The particle size. Carbon black particle size can be measured using the general provisions of ASTM B822-10, "Standard test methods for particle size distribution of Metal powders and related Compounds by light Scattering".

Weight percent of pigment. The nominal pigment amount in the fiber other than carbon black is determined by a simple mass balance of the ingredients when the fiber is made. After the fibers are manufactured, the amount of pigment present in the fibers can be determined by the general method of measuring the weight of a fiber sample, ashing the sample, and weighing the remaining solids to calculate the weight percent. For determining TiO in fiber samples ₂ One specific method of measuring this includes weighing about 5 grams of the fiber to be measured and heating the sample in an oven at 105 c for 60 minutes to remove any moisture, and then placing the sample in a desiccator for about 15 minutes to cool to room temperature. The synthetic quartz crucible was then placed in a muffle furnace operated at 800 ℃ for 15 minutes, after which it was removed and allowed to cool in a desiccator for 15 minutes. The crucible was then weighed to an accuracy of 0.0001 grams. The dried yarn sample was also weighed to an accuracy of 0.0001 grams to obtain its initial weight. The dried yarn sample was placed in a crucible, and then the crucible with the sample was placed in a muffle furnace operating at 800 ℃ for 60 minutes. The crucible was then removed and placed in a desiccator to cool for 15 minutes, after which the final sample plus crucible was weighed to an accuracy of 0.0001 grams. The TiO was then calculated by first subtracting the weight of the crucible from the weight of the final sample plus the crucible and then dividing this amount by the initial weight of the fiber sample, then multiplying by 100 ₂ The amount of (c). This provides TiO in weight percent ₂ The amount of (c).

And (4) shrinkage rate. To test the fiber shrinkage at elevated temperature, the two ends of the multifilament yarn sample to be tested were tied together with a tight tie such that the total internal length of the loop was about 1 meter long. The loop was then tightened until taut and the doubled length of the loop was measured to the nearest 0.1cm. The yarn loop was then suspended in an oven at 185 degrees celsius for 30 minutes. The yarn loop was then allowed to cool, re-tensioned and the doubled length was re-measured. Percent shrinkage is then calculated from the change in linear length of the loop.

Example 1

In this example, a yarn comprising sheath/core bicomponent poly (metaphenylene isophthalamide) (MPD-I) filaments, each filament having a MPD-I polymer core with discrete carbon particles uniformly distributed therein and a sheath of the same MPD-I polymer further comprising a masking pigment, was spun.

These filaments were produced from two different solutions of MPD-I polymer in dimethylacetamide (DMAc) which were fed to a sheath/core filament spinneret assembly at the top of a dry spinning chamber.

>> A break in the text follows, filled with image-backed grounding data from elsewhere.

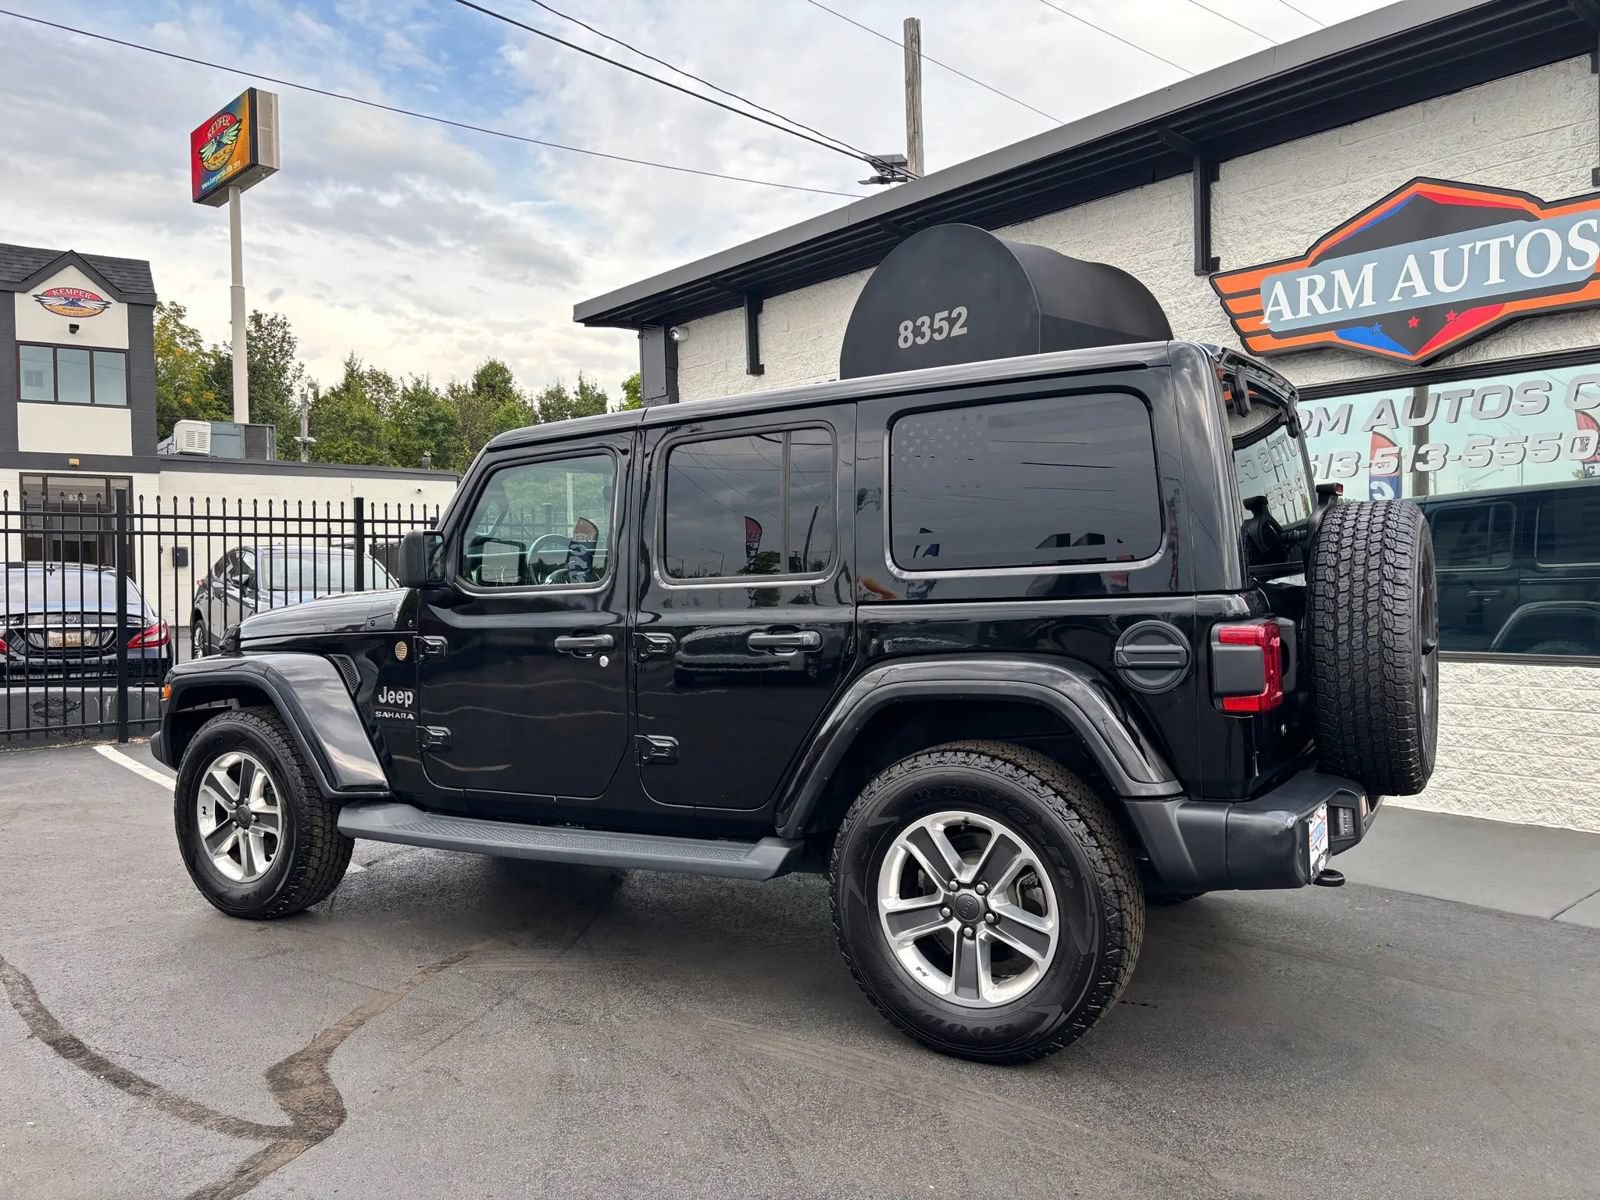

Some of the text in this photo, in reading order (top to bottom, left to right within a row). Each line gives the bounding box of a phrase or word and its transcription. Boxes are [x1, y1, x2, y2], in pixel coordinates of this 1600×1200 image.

[1259, 218, 1599, 326] ARM AUTOS
[52, 288, 92, 299] KEMPER
[898, 305, 968, 349] 8352
[1361, 379, 1553, 433] AUTOS
[68, 494, 88, 502] 832
[378, 686, 414, 708] Jeep
[375, 710, 415, 720] SAHARA

The flow rates of the MPD-I polymer solution streams for the sheath and core were independently controlled with two different metering pumps. In addition to the MPD-I polymer solution in DMAc, the stream for the skins contained rutile titanium dioxide (TiO) ₂ ) A dispersion of a pigment. This stable dispersion contained about 7% MPD-I and about 30 weight percent TiO in DMAc ₂ Grinding it to achieve TiO ₂ Homogeneous distribution in the dispersion. This dispersion was then added to the sheath polymer stream in an amount equal to 15 weight percent TiO based on the sheath polymer in the sheath polymer stream ₂ To the final concentration of (c). For use in the core stream, a stable dispersion of carbon black in a low viscosity polymer solution having about 6 weight percent MPD-I and about 9 weight percent carbon black in DMAc was prepared and then milled to achieve a uniform distribution of carbon particles in the dispersion. The stream for the core contained a MPD-I polymer solution in DMAc with this additional carbon black dispersion, which was injected into the core stream before the spinneret at a flow rate suitable to achieve a 6.6 weight percent carbon black loading in the core stream. Two metering pumps control the relative of the polymer solutionsIn an amount such that the weight ratio of sheath to core is 60: 40 on a total final weight basis after addition of the dispersion.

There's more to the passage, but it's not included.